The New York Times really does not know what to do with Stephen Bannon. The knowledge that a white supremacist has been put close to the top of the White House pecking order is at war with the impulse to make everything a president-elect does into business as usual, and the result is … bizarre.
The headline (and, therefore, the tweet) falls on the business as usual side: “Trump’s choice of Stephen Bannon is nod to anti-Washington base.” That could mean a lot of things, but the opening paragraphs start to spell it out a little. Trump’s choice of Bannon “elevated the hard-right nationalist movement that Mr. Bannon has nurtured for years from the fringes of American politics to its very heart.” Under Bannon, Breitbart News has “repeatedly published articles linking migrants to the spread of disease. Its authors have criticized politicians who do not support a religious test for immigrants to screen out potential jihadists.”
Okay, so it’s hard-right nationalist and that hard-right nationalism seems to center on ethnic issues. But! Fear not, for, talking to the New York Times, Bannon himself “rejected what he called the ‘ethno-nationalist’ tendencies of some in the movement.”

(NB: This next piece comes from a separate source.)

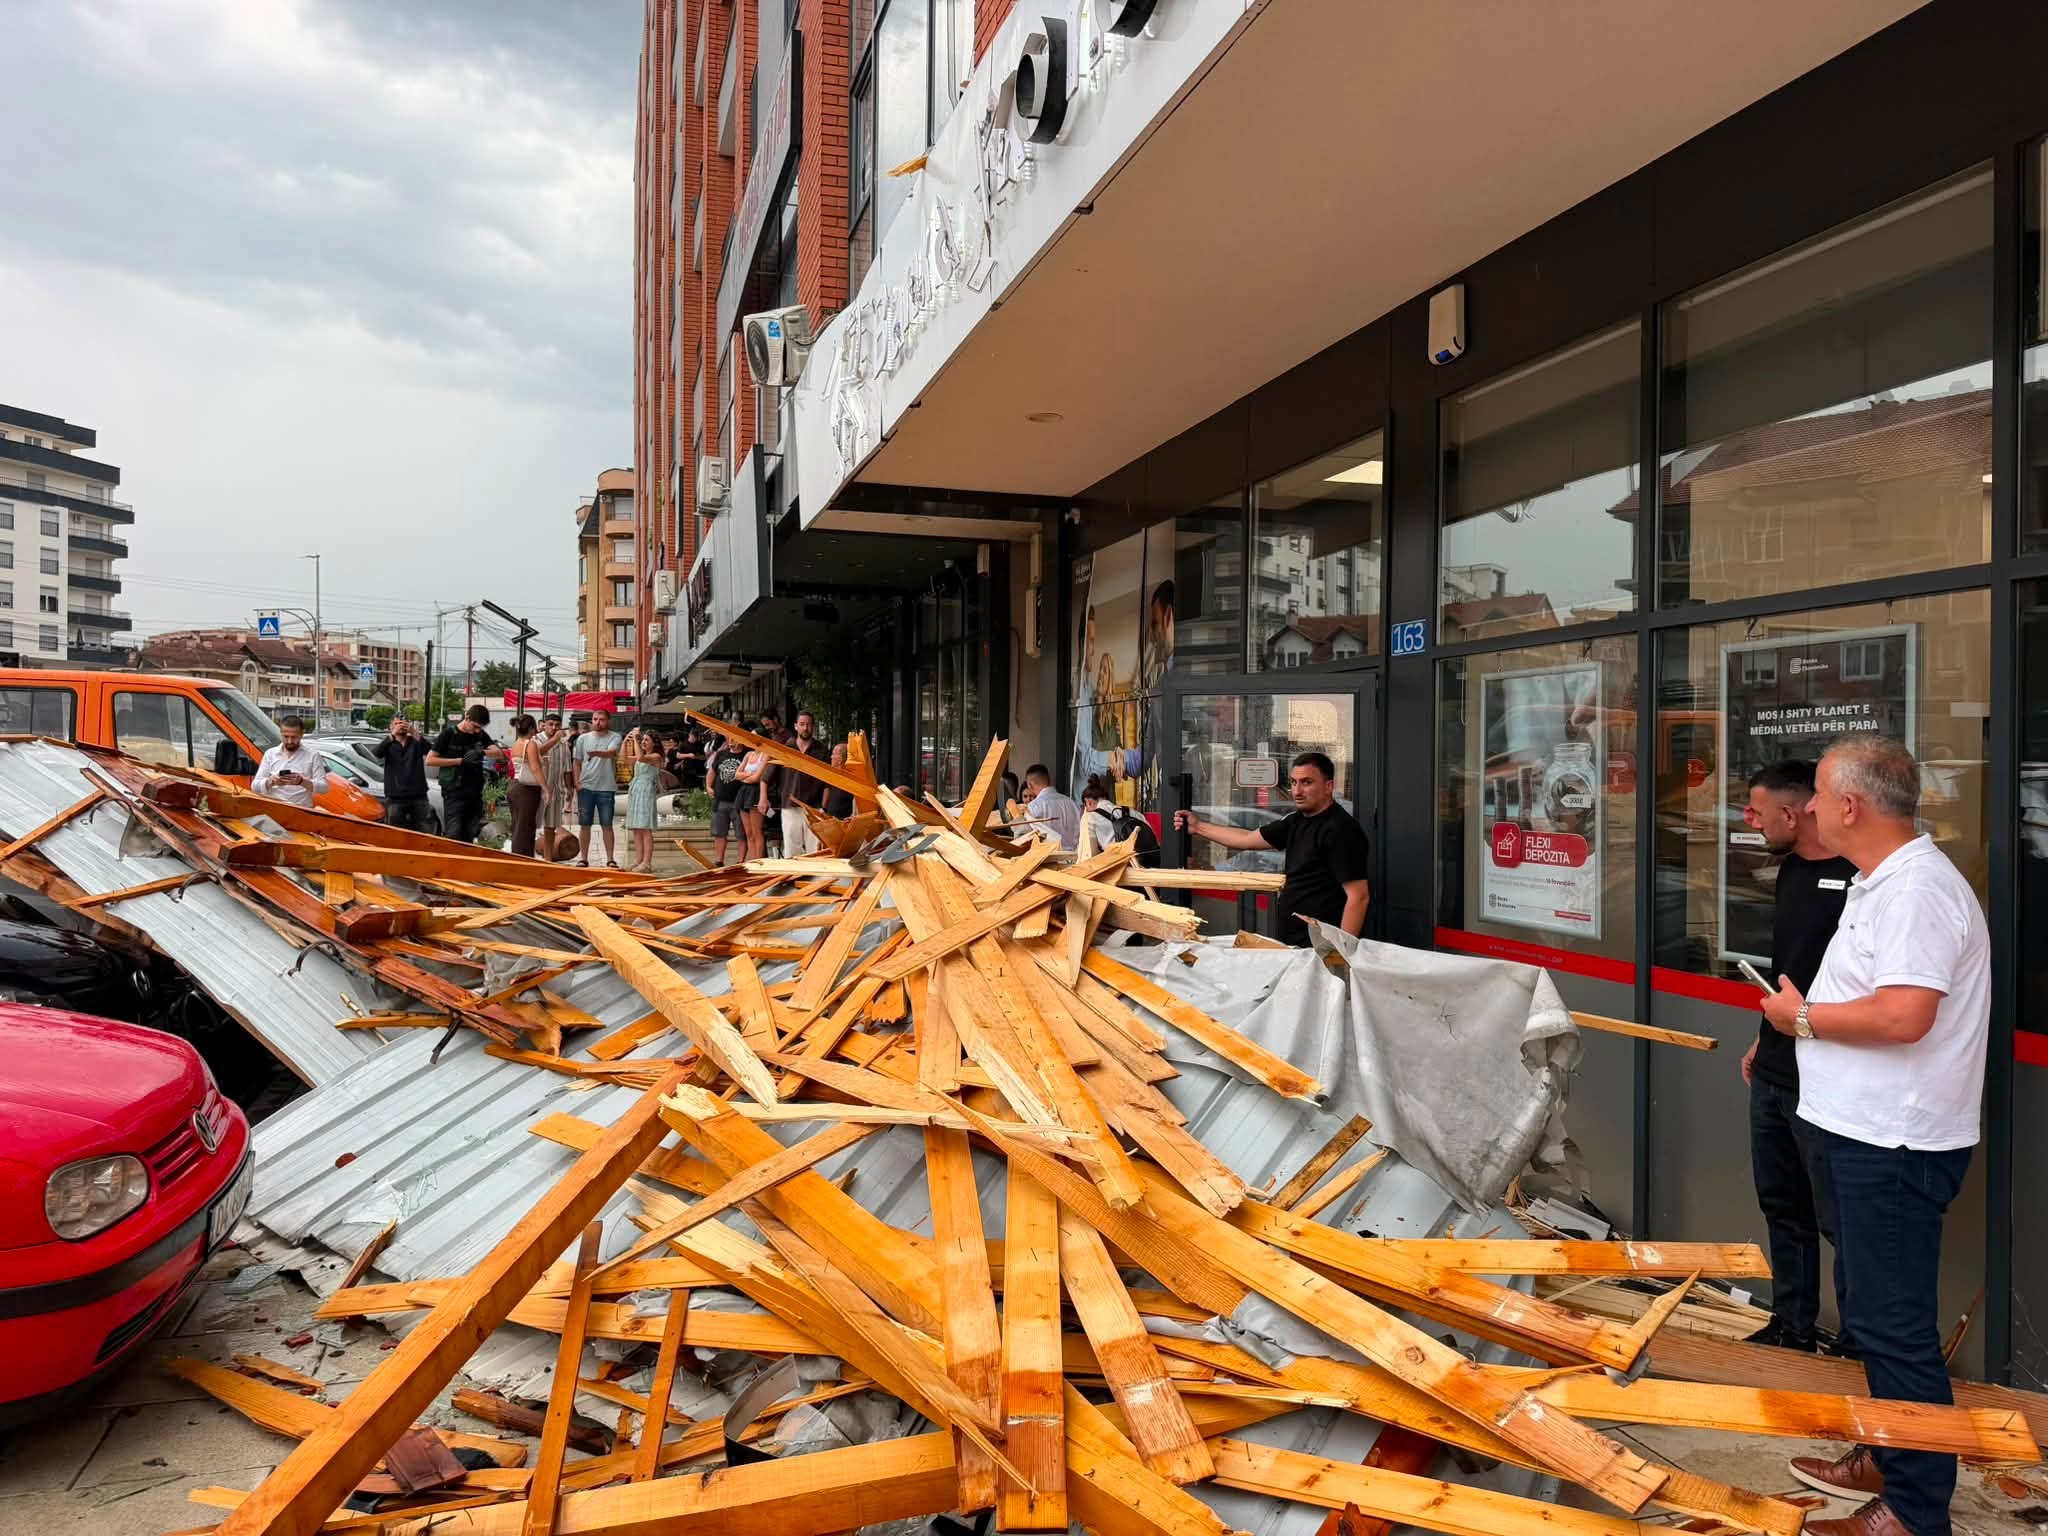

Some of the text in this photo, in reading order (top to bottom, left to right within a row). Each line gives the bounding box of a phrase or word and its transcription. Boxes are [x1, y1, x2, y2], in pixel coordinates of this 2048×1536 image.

He added, “It’s not that some people on the margins, as in any movement, aren’t bad guys — racists, anti-Semites. But that’s irrelevant.”
“Some people on the margins.” “Irrelevant.” Or, you know, the guy at the president’s right hand in the White House. But the Times article can’t quite commit to pointing that out. It sidles up to the truth—“that nationalist movement—which has promoted and enabled anti-immigrant, anti-Muslim and racist sentiments—will now have a champion at Mr. Trump’s side in the West Wing”—and then it scurries away:
His appointment was intended to be a reassuring signal to the vocal and restive members of Mr. Trump’s populist, anti-Washington base who are suspicious of power and anyone who holds it. Mr. Trump is their champion, but Mr. Bannon is their check against the Washington establishment and any efforts it makes to soften the new president’s resolve.
Bannon’s appointment isn’t a signal to just any fraction of Trump voters. It’s a signal to the racist ones. If you voted for Trump because he said he was going to bring jobs back and you really just filtered out all the racist appeals in your single-minded economic focus, Bannon means nothing to you. But his elevation to chief strategist shows that Trump knows just how important the explicitly white nationalist (AKA white supremacist AKA racist) vote was.
Media, you’re going to need to do better. I see you trying to go beyond what you’d normally say about a top White House appointee, but this is not a normal top White House appointee, and it’s not going to be the only time you need to break through your usual sense of decorum. Get good at bluntness and honesty now, fast, right away.